Les étapes d’un naming réussi
1. Analyse stratégique et audit du marché
Avant toute proposition créative, un benchmark sectoriel s’impose. Identifier les codes du secteur, les tendances en cours, les attentes des publics, mais aussi les noms à éviter pour ne pas marcher sur les plates-bandes d’un concurrent : cette cartographie initiale est ce qui distingue le naming professionnel de l’intuition de comptoir.
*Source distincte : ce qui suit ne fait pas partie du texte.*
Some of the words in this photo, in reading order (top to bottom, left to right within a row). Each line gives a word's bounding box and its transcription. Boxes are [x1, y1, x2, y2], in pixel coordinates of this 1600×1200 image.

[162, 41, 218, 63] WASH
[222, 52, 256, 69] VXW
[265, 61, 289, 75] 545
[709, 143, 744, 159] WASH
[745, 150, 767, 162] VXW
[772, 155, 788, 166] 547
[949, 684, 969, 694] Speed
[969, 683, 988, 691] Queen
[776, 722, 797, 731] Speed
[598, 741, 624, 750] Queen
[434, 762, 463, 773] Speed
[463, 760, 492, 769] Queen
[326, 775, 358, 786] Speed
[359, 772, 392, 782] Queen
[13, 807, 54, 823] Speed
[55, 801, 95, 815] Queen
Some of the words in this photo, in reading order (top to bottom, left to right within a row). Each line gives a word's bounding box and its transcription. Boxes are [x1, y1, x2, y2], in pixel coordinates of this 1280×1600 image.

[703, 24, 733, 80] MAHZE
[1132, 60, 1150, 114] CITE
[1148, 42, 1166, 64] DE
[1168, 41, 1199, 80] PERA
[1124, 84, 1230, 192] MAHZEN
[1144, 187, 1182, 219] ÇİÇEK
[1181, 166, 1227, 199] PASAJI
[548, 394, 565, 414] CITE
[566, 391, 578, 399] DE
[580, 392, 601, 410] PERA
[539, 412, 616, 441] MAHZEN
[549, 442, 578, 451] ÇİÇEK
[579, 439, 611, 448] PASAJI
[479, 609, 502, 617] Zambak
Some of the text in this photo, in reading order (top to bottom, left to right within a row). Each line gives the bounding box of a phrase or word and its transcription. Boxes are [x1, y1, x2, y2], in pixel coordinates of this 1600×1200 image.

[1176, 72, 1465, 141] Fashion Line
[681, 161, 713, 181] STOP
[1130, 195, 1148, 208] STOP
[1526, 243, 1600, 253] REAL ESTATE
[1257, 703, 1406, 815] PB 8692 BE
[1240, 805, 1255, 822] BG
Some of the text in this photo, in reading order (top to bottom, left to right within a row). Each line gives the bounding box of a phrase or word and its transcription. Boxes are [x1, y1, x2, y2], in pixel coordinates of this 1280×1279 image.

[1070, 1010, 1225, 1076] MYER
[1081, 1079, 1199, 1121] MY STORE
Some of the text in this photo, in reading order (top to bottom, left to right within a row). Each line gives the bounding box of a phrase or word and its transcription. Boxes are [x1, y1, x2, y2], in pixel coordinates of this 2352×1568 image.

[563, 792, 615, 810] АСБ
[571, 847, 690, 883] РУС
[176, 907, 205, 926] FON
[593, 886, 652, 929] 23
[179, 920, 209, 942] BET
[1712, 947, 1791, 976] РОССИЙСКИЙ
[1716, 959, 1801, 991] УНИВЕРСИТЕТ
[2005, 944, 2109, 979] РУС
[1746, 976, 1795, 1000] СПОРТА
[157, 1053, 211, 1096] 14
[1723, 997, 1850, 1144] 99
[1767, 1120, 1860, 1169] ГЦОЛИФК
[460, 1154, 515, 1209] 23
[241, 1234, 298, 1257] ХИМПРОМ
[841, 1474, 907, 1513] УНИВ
2. Création et exploration
La phase créative ouvre le champ. Brainstormings, recherches étymologiques, exploration de racines latines, grecques ou étrangères, jeux de sonorités, néologismes : on génère une matière large, qu’on affine ensuite selon des critères précis (originalité, pertinence, mémorabilité, capacité à durer).
3. Tests et validation
Avant toute décision, un nom doit s’éprouver. Tests auprès des publics cibles, vérifications phonétiques dans les langues de diffusion, contrôle des connotations involontaires : cette étape évite bien des déconvenues. Un nom qui fonctionne à Paris peut désigner tout autre chose à Tokyo ou à Madrid.
4. Dépôt et protection juridique
Une fois le nom retenu, vient la phase, moins glamour mais cruciale, du dépôt de marque. Disponibilité INPI, classes Nice, protection internationale, vérification du domaine et des handles réseaux sociaux : cette étape légale conditionne la pérennité de la marque autant que sa créativité.